[Extracted records Boundary: Start]
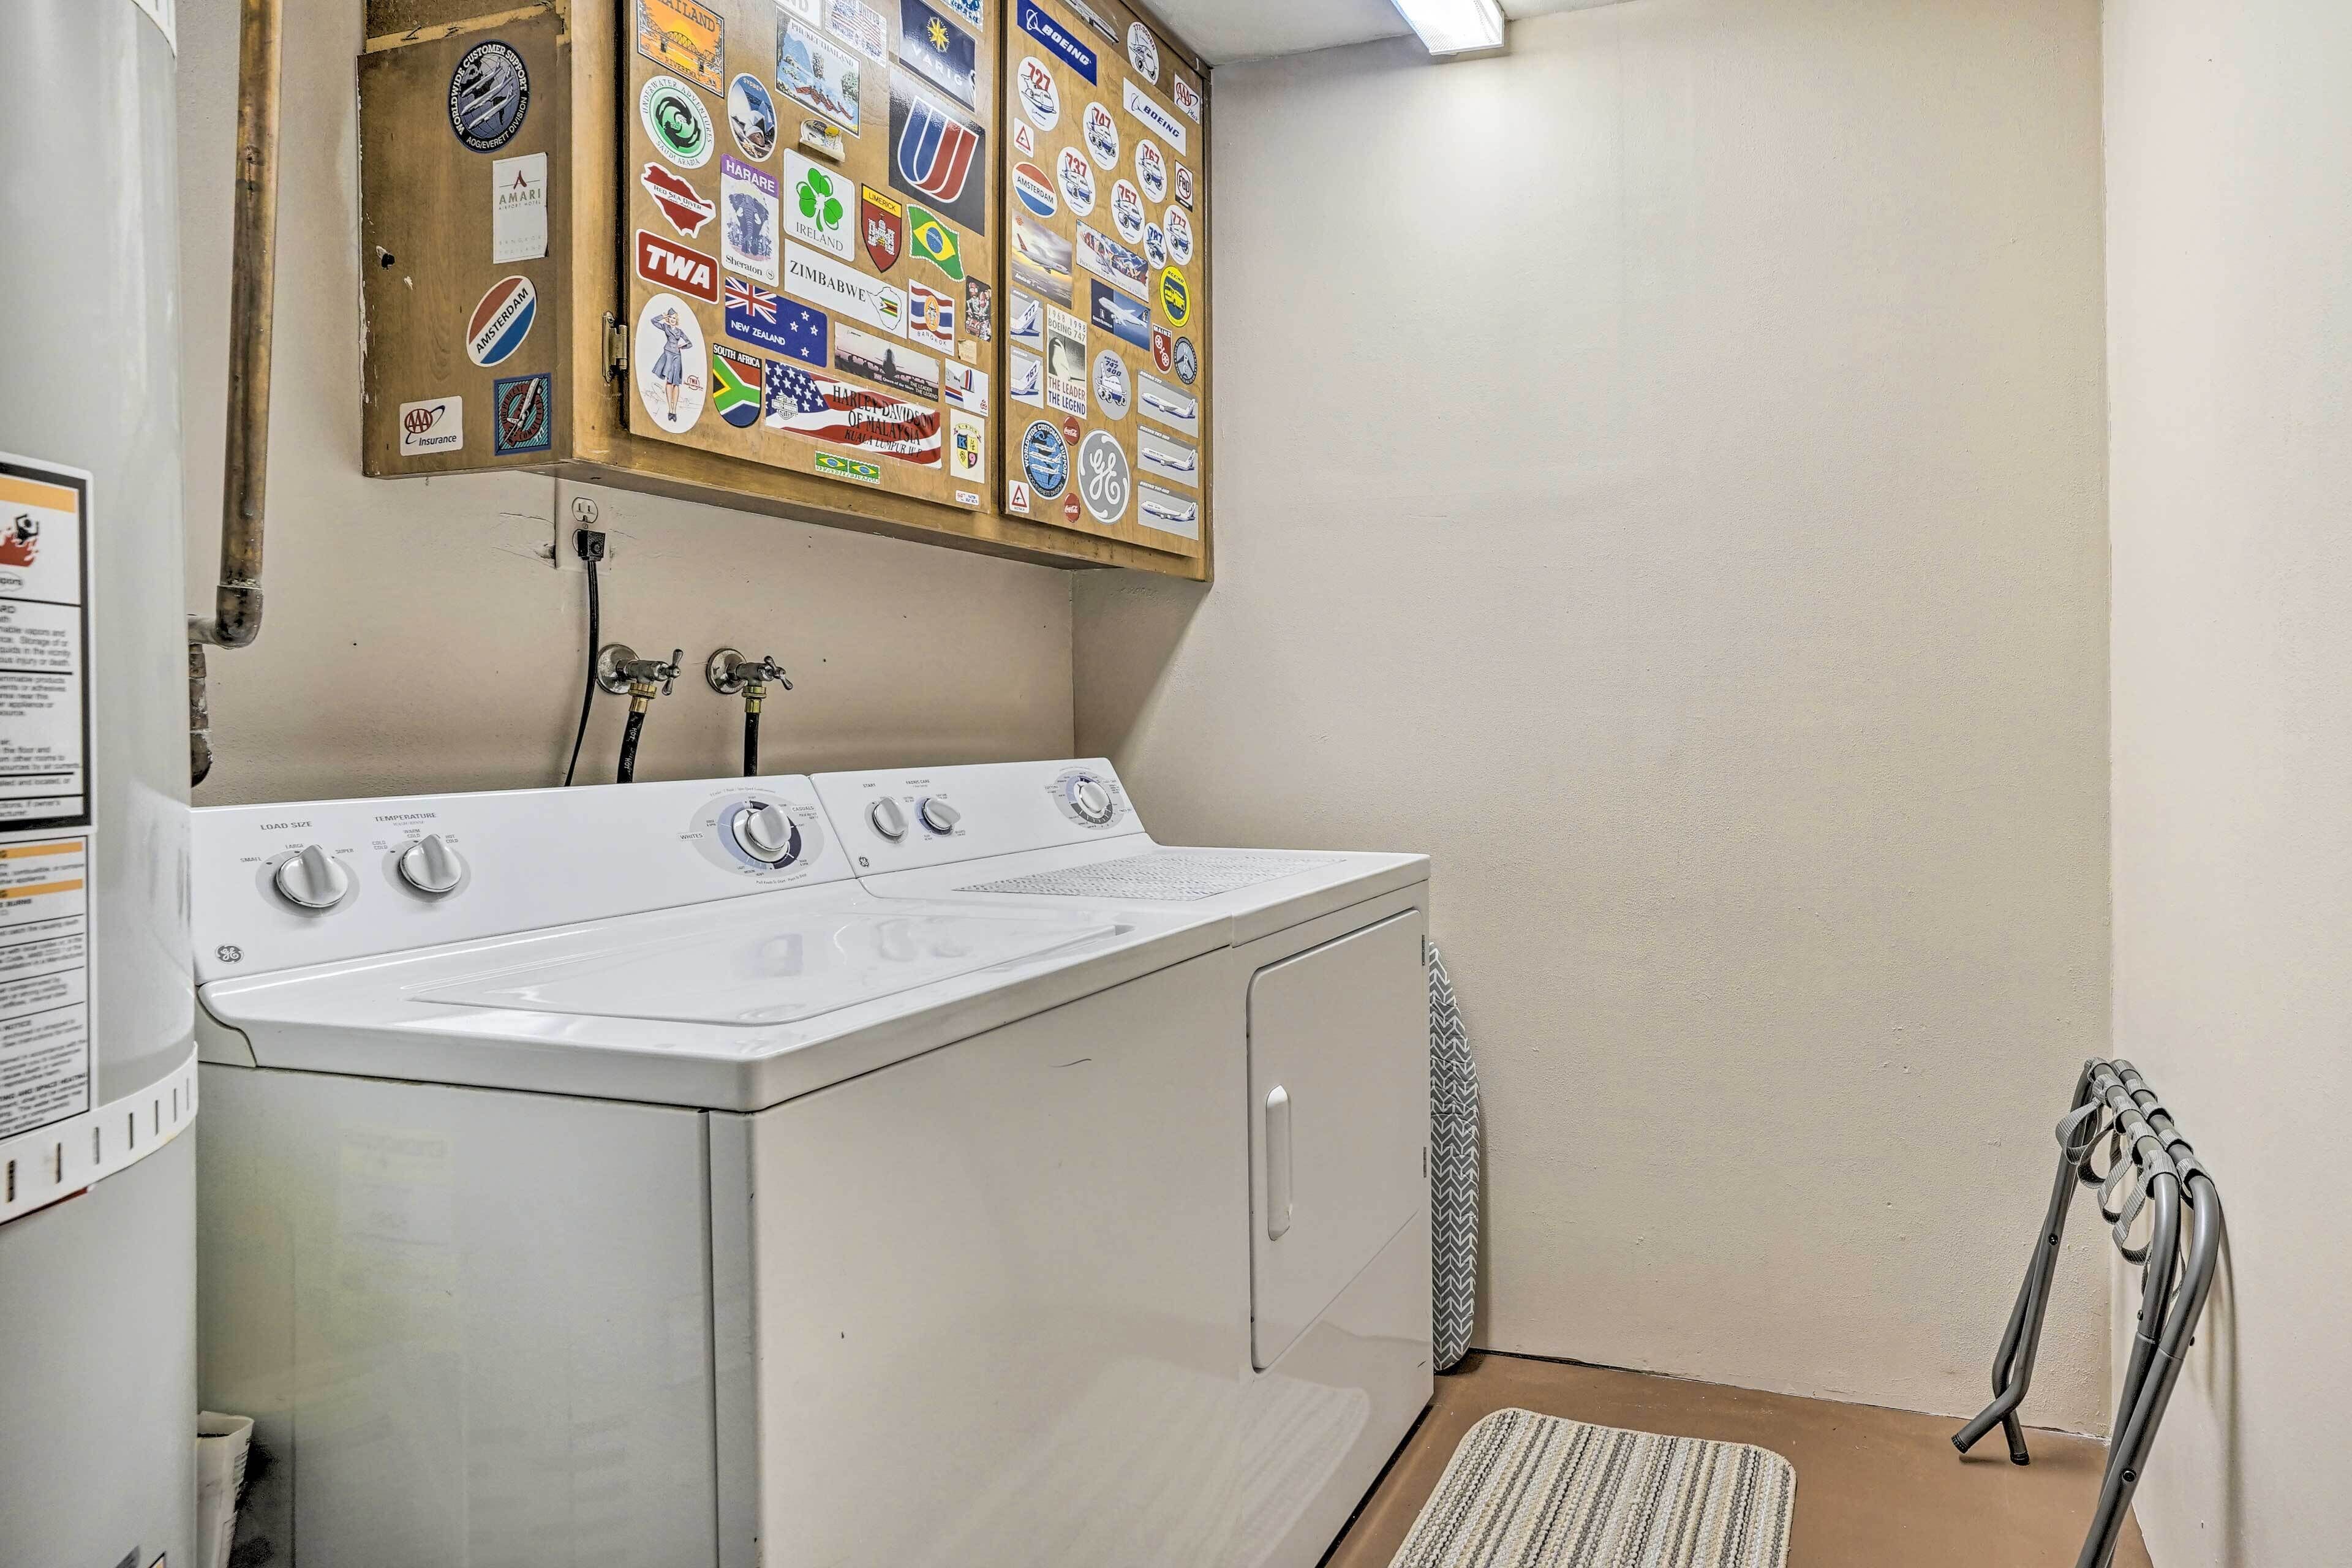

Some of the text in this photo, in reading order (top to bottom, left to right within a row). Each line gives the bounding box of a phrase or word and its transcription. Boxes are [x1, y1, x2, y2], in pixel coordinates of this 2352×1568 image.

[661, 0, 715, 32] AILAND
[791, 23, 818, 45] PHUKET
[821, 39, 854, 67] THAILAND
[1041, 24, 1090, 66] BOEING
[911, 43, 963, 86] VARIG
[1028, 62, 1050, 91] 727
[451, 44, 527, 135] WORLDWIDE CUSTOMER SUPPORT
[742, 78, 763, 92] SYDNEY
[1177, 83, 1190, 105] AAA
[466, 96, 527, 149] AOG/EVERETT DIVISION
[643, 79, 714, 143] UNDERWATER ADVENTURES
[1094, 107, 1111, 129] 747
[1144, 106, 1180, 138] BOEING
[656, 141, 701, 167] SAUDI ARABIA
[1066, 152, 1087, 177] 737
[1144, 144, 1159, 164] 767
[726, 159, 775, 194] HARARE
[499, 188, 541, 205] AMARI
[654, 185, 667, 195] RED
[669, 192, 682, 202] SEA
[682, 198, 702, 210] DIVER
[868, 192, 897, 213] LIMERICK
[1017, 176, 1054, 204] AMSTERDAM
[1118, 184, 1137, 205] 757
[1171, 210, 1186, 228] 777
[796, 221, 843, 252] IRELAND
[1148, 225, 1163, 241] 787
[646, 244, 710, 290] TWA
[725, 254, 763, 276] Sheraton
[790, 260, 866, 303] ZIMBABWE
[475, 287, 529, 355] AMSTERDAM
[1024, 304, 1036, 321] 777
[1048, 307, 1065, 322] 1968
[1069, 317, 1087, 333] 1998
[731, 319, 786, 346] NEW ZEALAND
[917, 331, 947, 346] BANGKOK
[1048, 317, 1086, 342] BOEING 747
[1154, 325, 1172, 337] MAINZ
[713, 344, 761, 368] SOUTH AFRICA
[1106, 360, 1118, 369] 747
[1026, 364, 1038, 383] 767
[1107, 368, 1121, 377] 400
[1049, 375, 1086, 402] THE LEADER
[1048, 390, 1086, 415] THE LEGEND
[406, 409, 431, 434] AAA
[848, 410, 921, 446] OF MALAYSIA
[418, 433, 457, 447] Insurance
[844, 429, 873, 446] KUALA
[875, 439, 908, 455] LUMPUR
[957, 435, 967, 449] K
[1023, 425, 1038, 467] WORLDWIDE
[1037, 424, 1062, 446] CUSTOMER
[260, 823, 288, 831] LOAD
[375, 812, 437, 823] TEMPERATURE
[Extracted records Boundary: End]
## About this task
Each record is to be copied word for word, with no images carried over.

## Task response
Some of the text in this photo, in reading order (top to bottom, left to right within a row). Each line gives the bounding box of a phrase or word and its transcription. Boxes are [x1, y1, x2, y2], in pixel coordinates of this 2352×1568 image.

[661, 0, 715, 32] AILAND
[791, 23, 818, 45] PHUKET
[821, 39, 854, 67] THAILAND
[1041, 24, 1090, 66] BOEING
[911, 43, 963, 86] VARIG
[1028, 62, 1050, 91] 727
[451, 44, 527, 135] WORLDWIDE CUSTOMER SUPPORT
[742, 78, 763, 92] SYDNEY
[1177, 83, 1190, 105] AAA
[466, 96, 527, 149] AOG/EVERETT DIVISION
[643, 79, 714, 143] UNDERWATER ADVENTURES
[1094, 107, 1111, 129] 747
[1144, 106, 1180, 138] BOEING
[656, 141, 701, 167] SAUDI ARABIA
[1066, 152, 1087, 177] 737
[1144, 144, 1159, 164] 767
[726, 159, 775, 194] HARARE
[499, 188, 541, 205] AMARI
[654, 185, 667, 195] RED
[669, 192, 682, 202] SEA
[682, 198, 702, 210] DIVER
[868, 192, 897, 213] LIMERICK
[1017, 176, 1054, 204] AMSTERDAM
[1118, 184, 1137, 205] 757
[1171, 210, 1186, 228] 777
[796, 221, 843, 252] IRELAND
[1148, 225, 1163, 241] 787
[646, 244, 710, 290] TWA
[725, 254, 763, 276] Sheraton
[790, 260, 866, 303] ZIMBABWE
[475, 287, 529, 355] AMSTERDAM
[1024, 304, 1036, 321] 777
[1048, 307, 1065, 322] 1968
[1069, 317, 1087, 333] 1998
[731, 319, 786, 346] NEW ZEALAND
[917, 331, 947, 346] BANGKOK
[1048, 317, 1086, 342] BOEING 747
[1154, 325, 1172, 337] MAINZ
[713, 344, 761, 368] SOUTH AFRICA
[1106, 360, 1118, 369] 747
[1026, 364, 1038, 383] 767
[1107, 368, 1121, 377] 400
[1049, 375, 1086, 402] THE LEADER
[1048, 390, 1086, 415] THE LEGEND
[406, 409, 431, 434] AAA
[848, 410, 921, 446] OF MALAYSIA
[418, 433, 457, 447] Insurance
[844, 429, 873, 446] KUALA
[875, 439, 908, 455] LUMPUR
[957, 435, 967, 449] K
[1023, 425, 1038, 467] WORLDWIDE
[1037, 424, 1062, 446] CUSTOMER
[260, 823, 288, 831] LOAD
[375, 812, 437, 823] TEMPERATURE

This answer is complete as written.